WHAT YOU HAVE TO DO
A faithful copy of every entry, with the pictures removed, is what is needed here.

[Annotated photo localization data]
--------------------------------

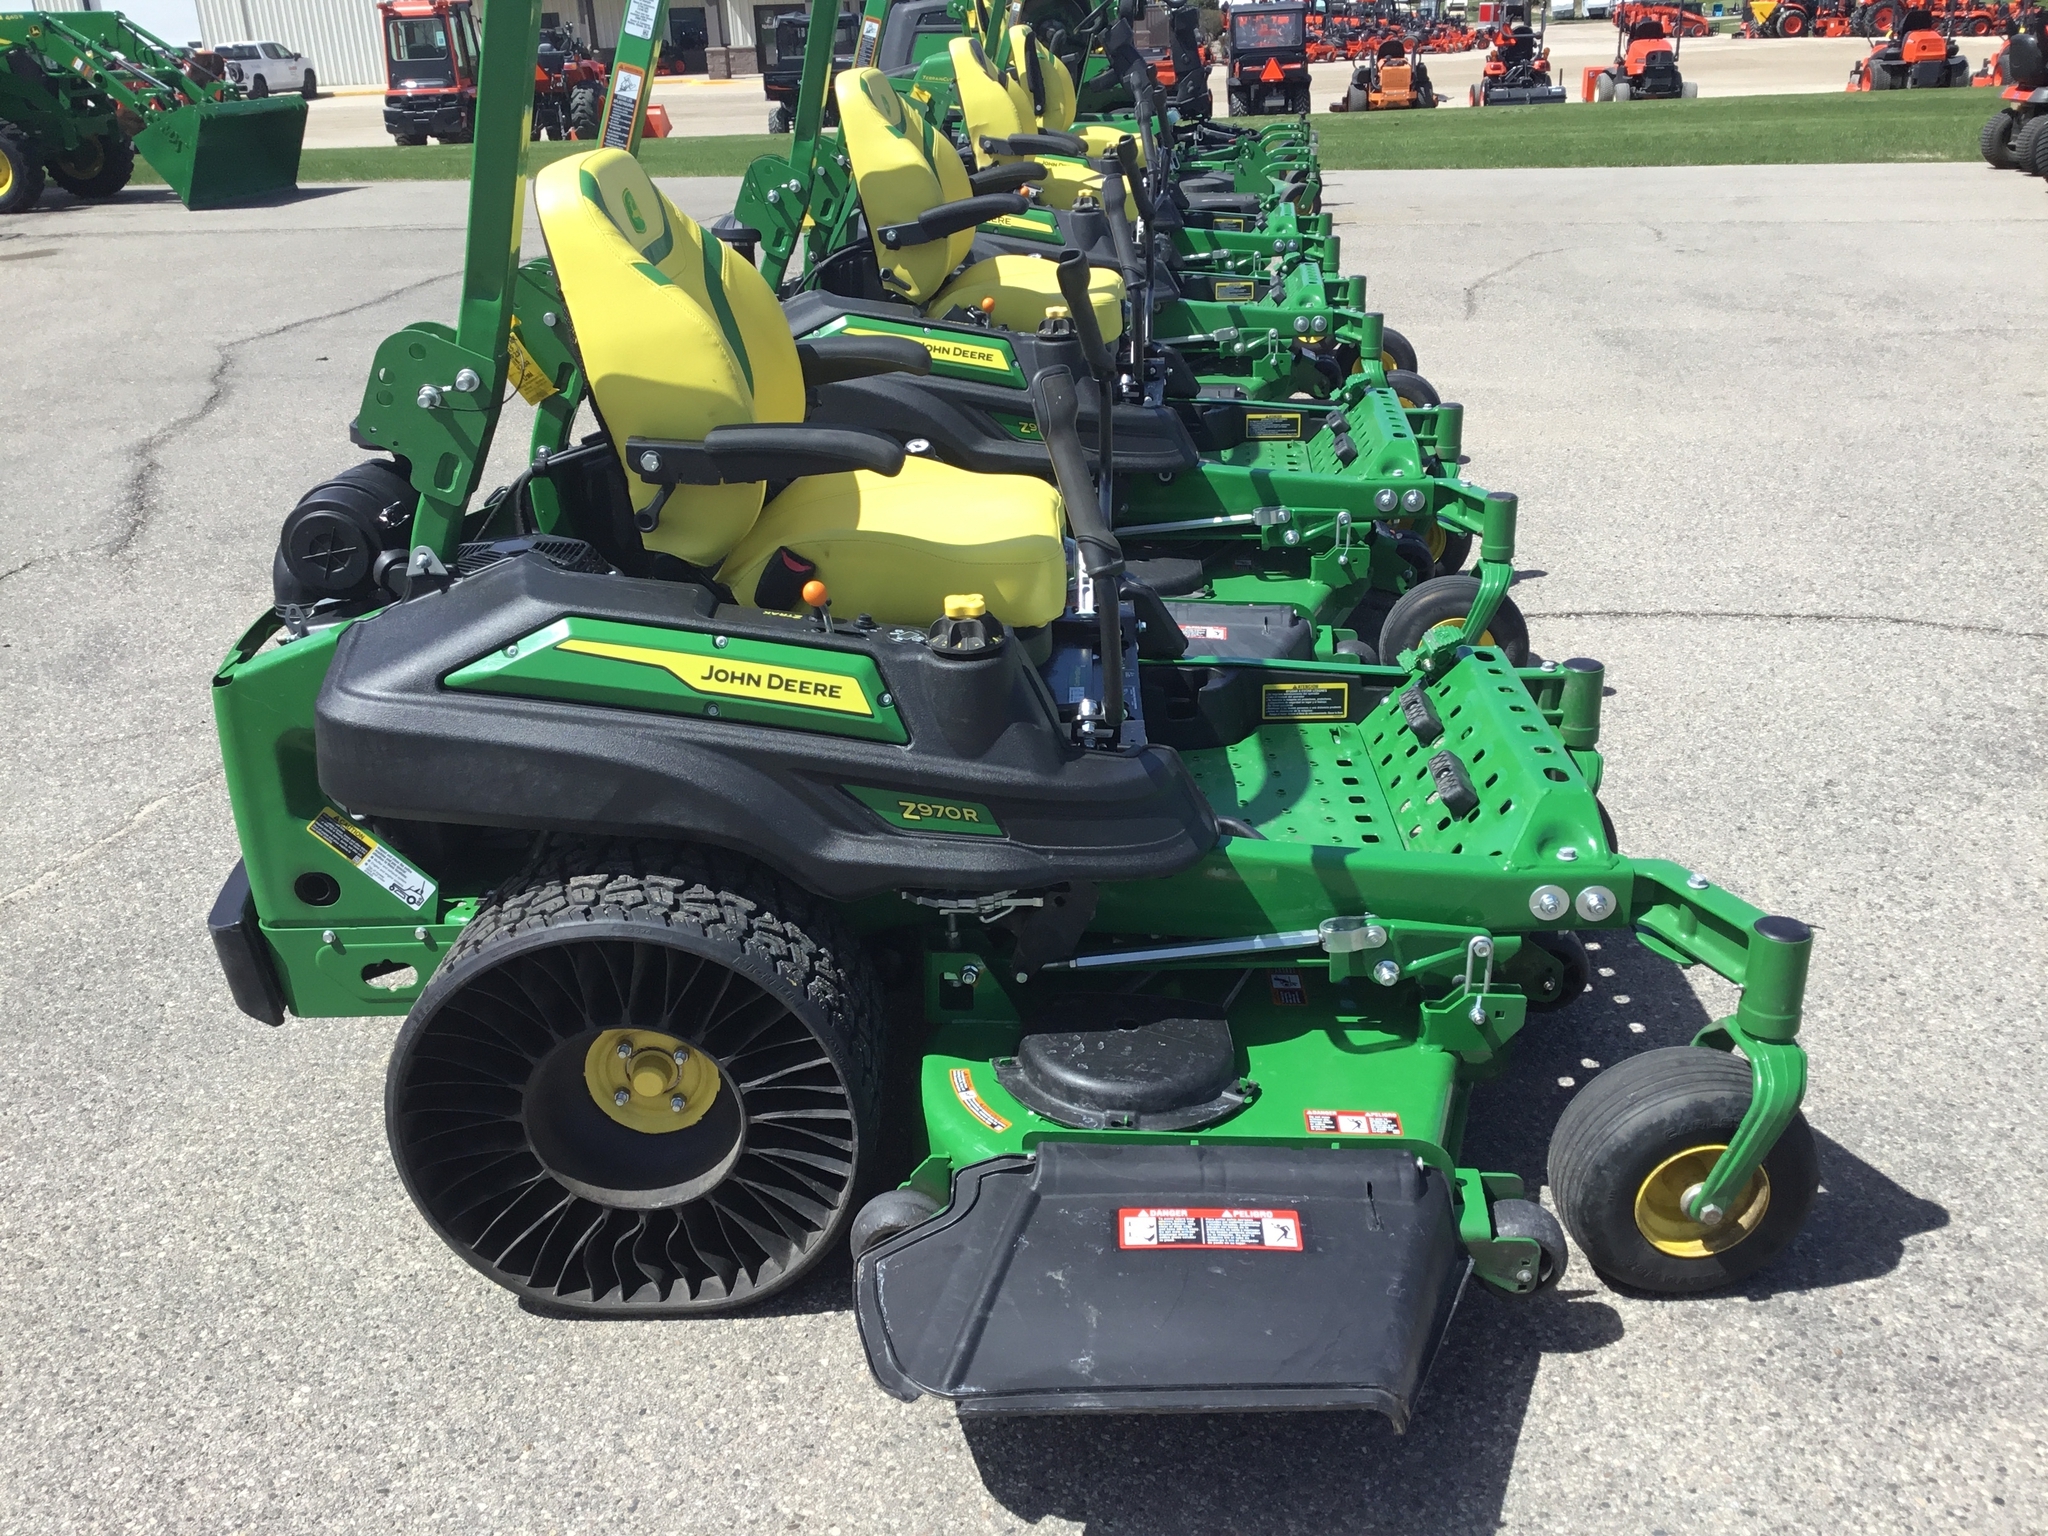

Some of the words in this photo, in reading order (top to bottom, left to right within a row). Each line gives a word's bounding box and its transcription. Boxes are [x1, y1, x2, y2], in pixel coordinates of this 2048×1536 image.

[952, 347, 994, 362] DEERE
[700, 665, 762, 688] JOHN
[767, 673, 842, 699] DEERE
[898, 800, 980, 823] Z970R
[339, 818, 366, 840] CAUTION
[1150, 1209, 1188, 1217] DANGER
[1232, 1210, 1274, 1218] PELIGRO
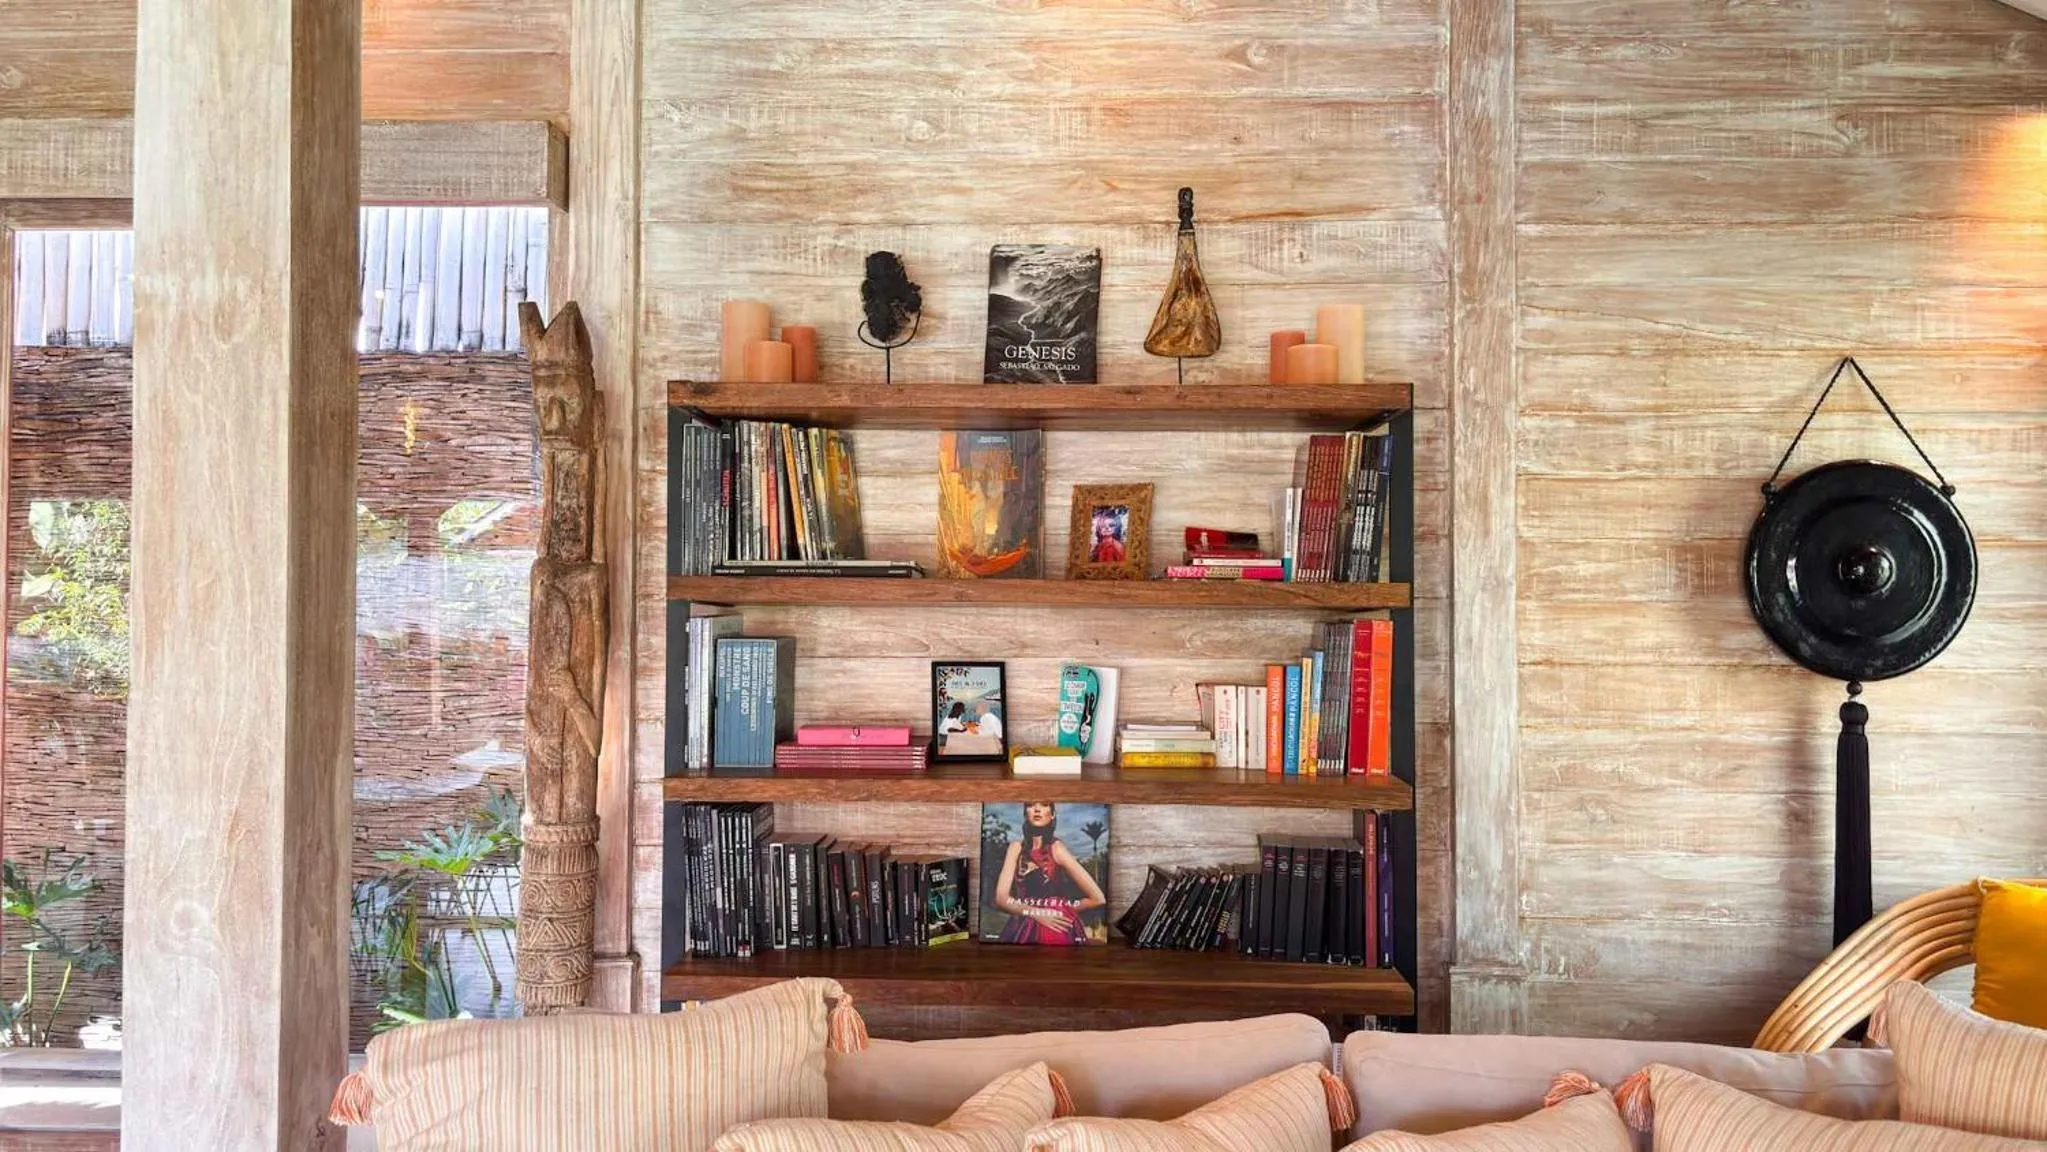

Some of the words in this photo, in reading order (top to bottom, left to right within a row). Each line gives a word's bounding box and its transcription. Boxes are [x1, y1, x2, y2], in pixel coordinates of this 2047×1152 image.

[1004, 344, 1077, 360] GENESIS
[742, 647, 751, 673] SANG
[742, 674, 750, 688] DE
[1290, 675, 1298, 712] PANCOL
[741, 689, 750, 715] COUP
[1006, 896, 1081, 907] HASSELBLAD
[1022, 909, 1064, 917] MASTERS
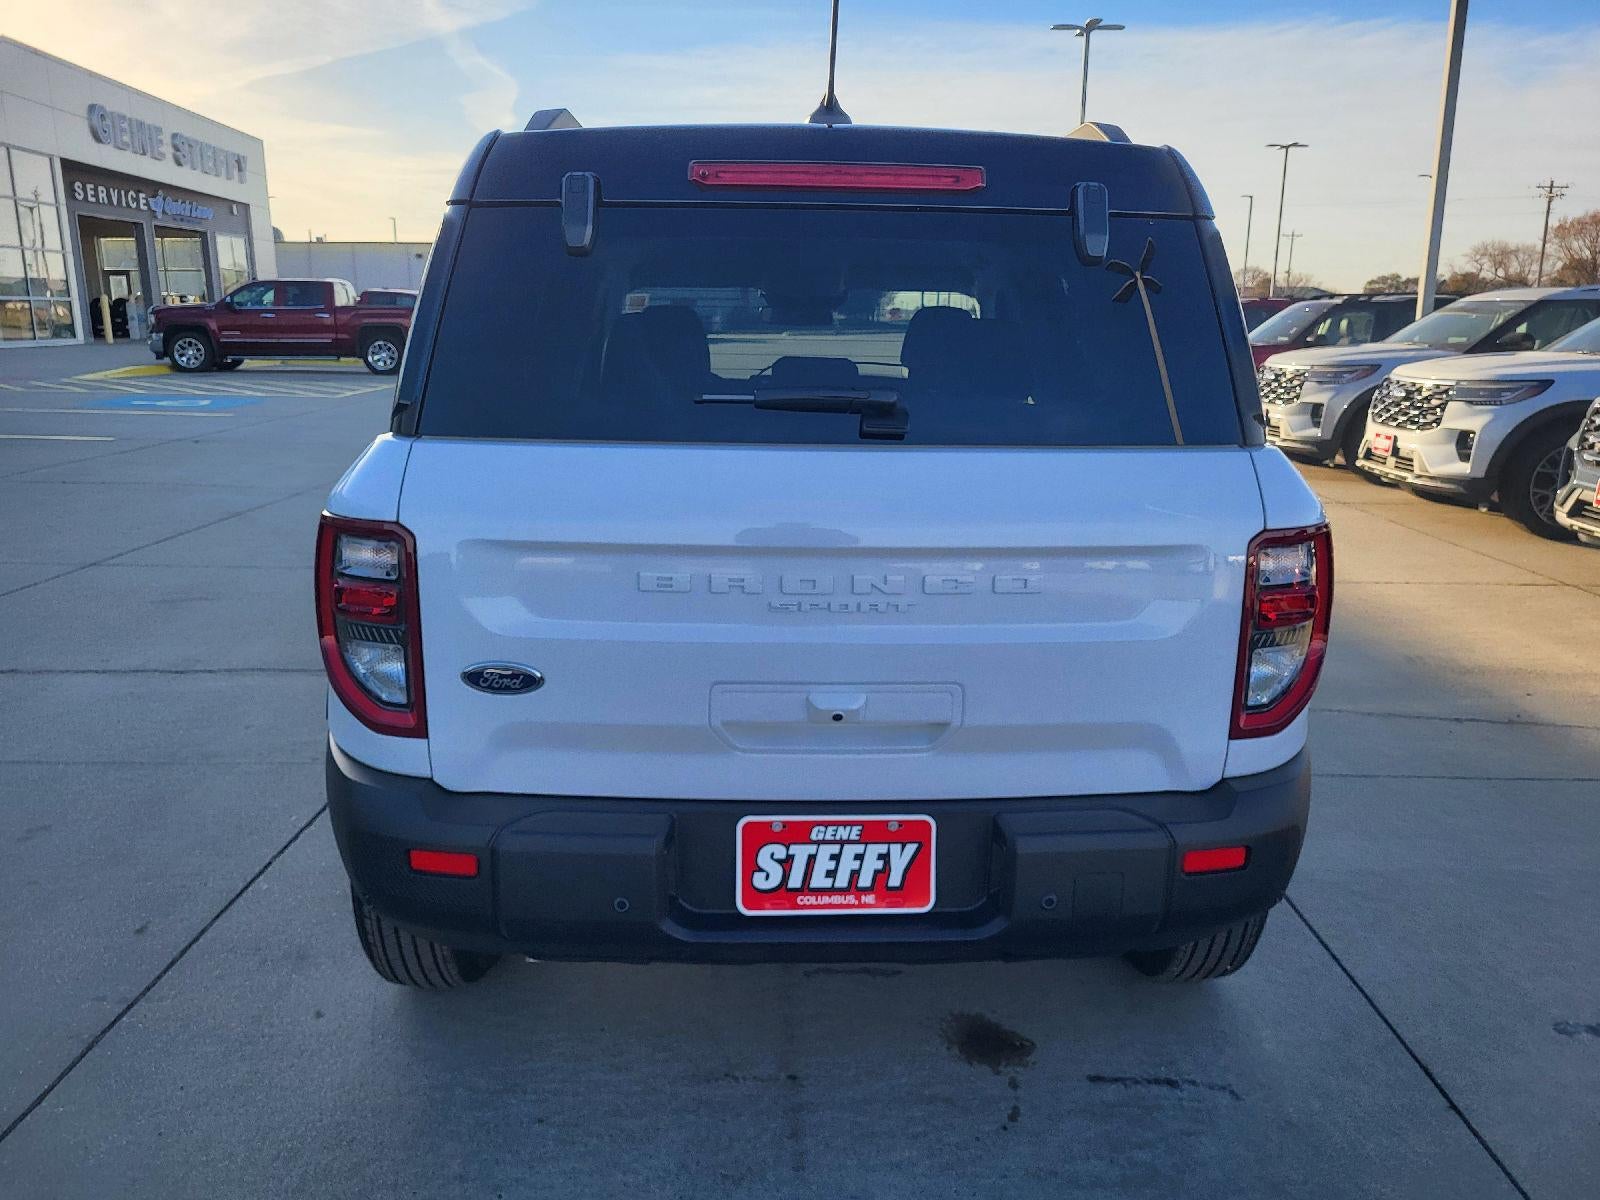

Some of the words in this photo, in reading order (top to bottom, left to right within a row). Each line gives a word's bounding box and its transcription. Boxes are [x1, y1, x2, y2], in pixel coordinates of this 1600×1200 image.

--------------------------------

EXERCISE OUTPUT
Some of the words in this photo, in reading order (top to bottom, left to right within a row). Each line gives a word's bounding box and its transcription. Boxes are [x1, y1, x2, y2], in pixel coordinates of this 2048×1536 image.

[952, 347, 994, 362] DEERE
[700, 665, 762, 688] JOHN
[767, 673, 842, 699] DEERE
[898, 800, 980, 823] Z970R
[339, 818, 366, 840] CAUTION
[1150, 1209, 1188, 1217] DANGER
[1232, 1210, 1274, 1218] PELIGRO

Some of the words in this photo, in reading order (top to bottom, left to right within a row). Each line gives a word's bounding box and its transcription. Boxes are [x1, y1, x2, y2], in pixel coordinates of this 2047×1152 image.

[1004, 344, 1077, 360] GENESIS
[742, 647, 751, 673] SANG
[742, 674, 750, 688] DE
[1290, 675, 1298, 712] PANCOL
[741, 689, 750, 715] COUP
[1006, 896, 1081, 907] HASSELBLAD
[1022, 909, 1064, 917] MASTERS

Some of the words in this photo, in reading order (top to bottom, left to right within a row). Each line gives a word's bounding box and its transcription. Boxes are [x1, y1, x2, y2], in pixel coordinates of this 1600×1200 image.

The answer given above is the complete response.